Post by Chrissy Hansen »

rgprice wrote: Tue Mar 26, 2024 3:29 am A couple statements come to mind:

2 Peter 1: 16 For we did not follow cleverly devised tales when we made known to you the power and coming of our Lord Jesus Christ, but we were eyewitnesses of His majesty.

Also, from Justin Martyr, DIALOGUE WITH TRYPHO:

But Christ--if He has indeed been born, and exists anywhere--is unknown, and does not even know Himself, and has no power until Elijah come to anoint Him, and make Him manifest to all. And you, having accepted a groundless report, invent a Christ for yourselves, and for his sake are inconsiderately perishing."

"I excuse and forgive you, my friend," I said. "For you know not what you say, but have been persuaded by teachers who do not understand the Scriptures; and you speak, like a diviner whatever comes into your mind. But if you are willing to listen to an account of Him, how we have not been deceived, and shall not cease to confess Him,--although men's reproaches be heaped upon us, although the most terrible tyrant compel us to deny Him,--I shall prove to you as you stand here that we have not believed empty fables, or words without any foundation but words filled with the Spirit of God, and big with power, and flourishing with grace."
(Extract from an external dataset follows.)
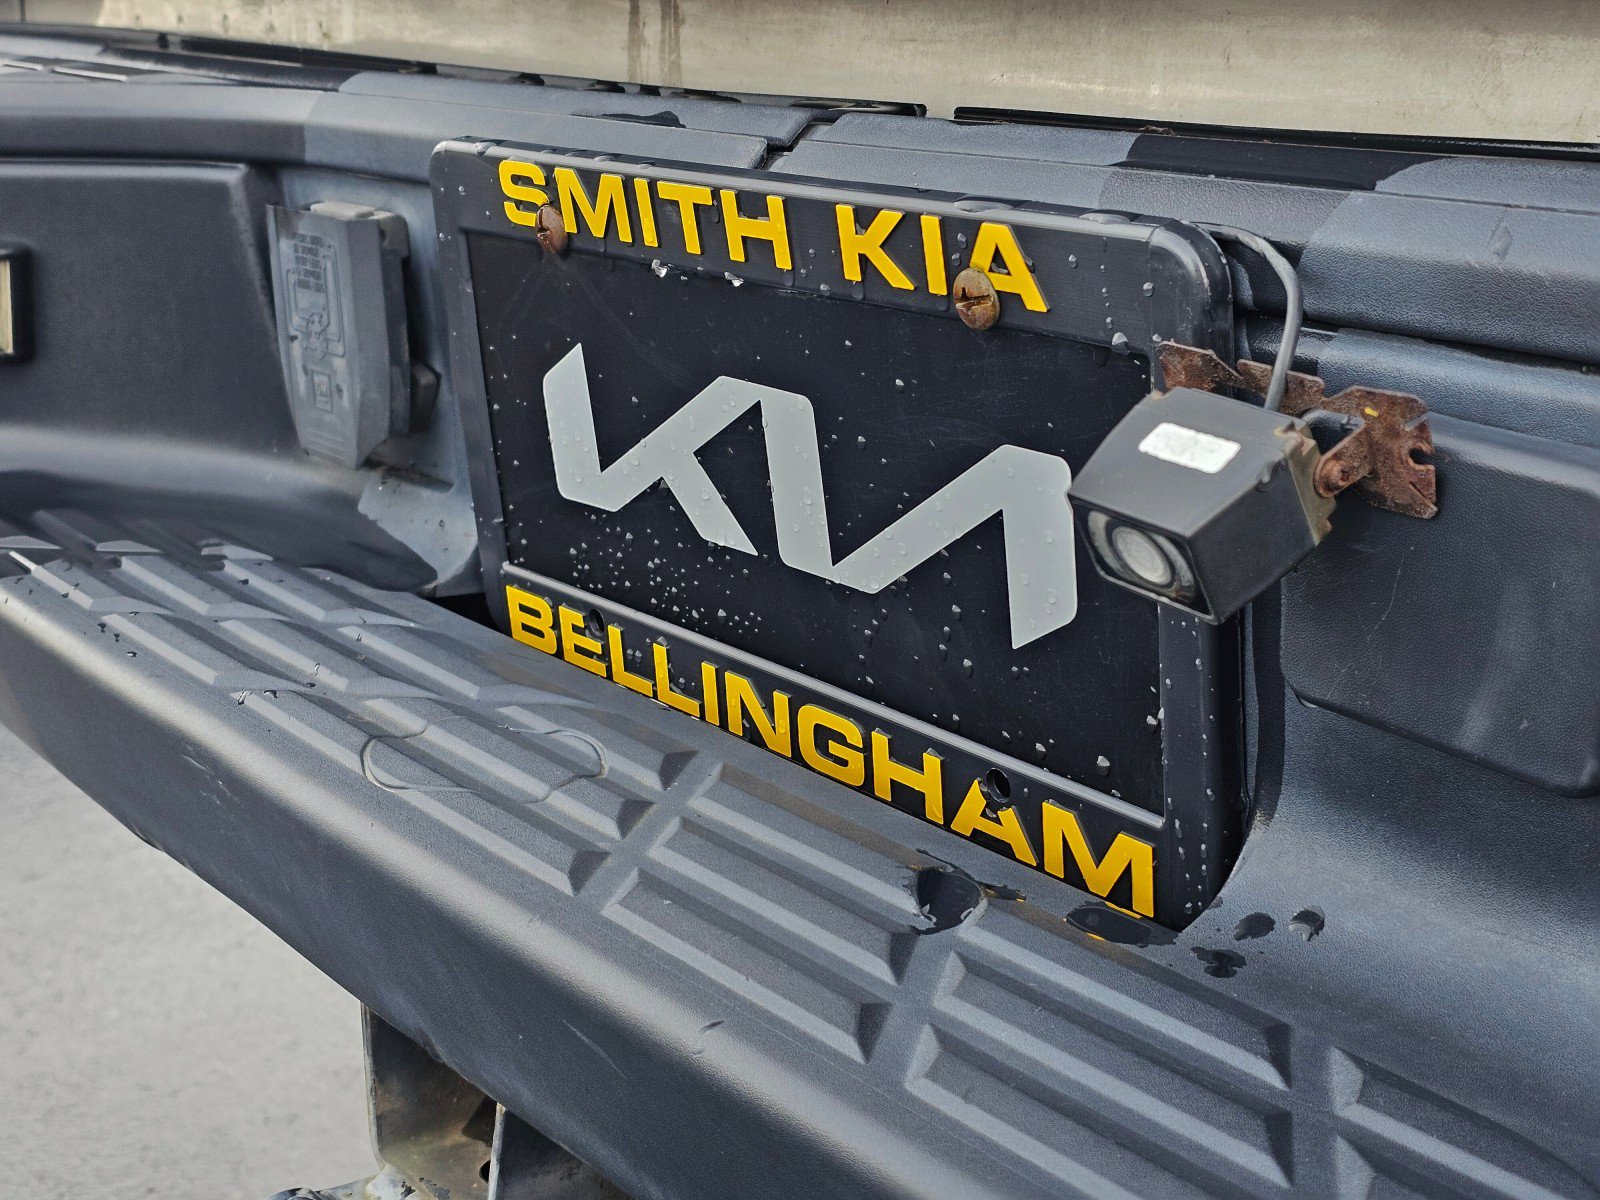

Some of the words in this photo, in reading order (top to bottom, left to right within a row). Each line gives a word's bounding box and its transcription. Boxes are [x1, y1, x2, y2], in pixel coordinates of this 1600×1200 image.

Keep in mind that the writings we have from this period are all very one sided. We don't have any of the writings of any of the critics of orthodox Christianity. Other than the NHL, we have pretty much nothing from non-orthodox Christians. It would of course be very interesting to read the works of Celsus, etc.
The 2 Peter 1 bit is with regard to specific miracles, like the transfiguration. Nothing in the text indications this is about the whole of Jesus' historicity. Similarly, the Trypho bit is about whether or not Jesus is the messiah, i.e., Jesus cannot be the Christ (thus, Christians have invented a messiah for themselves) because Elijah never came back to anoint him. He outright says this later on in the Dialogue, and elsewhere just presumes that Jesus existed the entire time.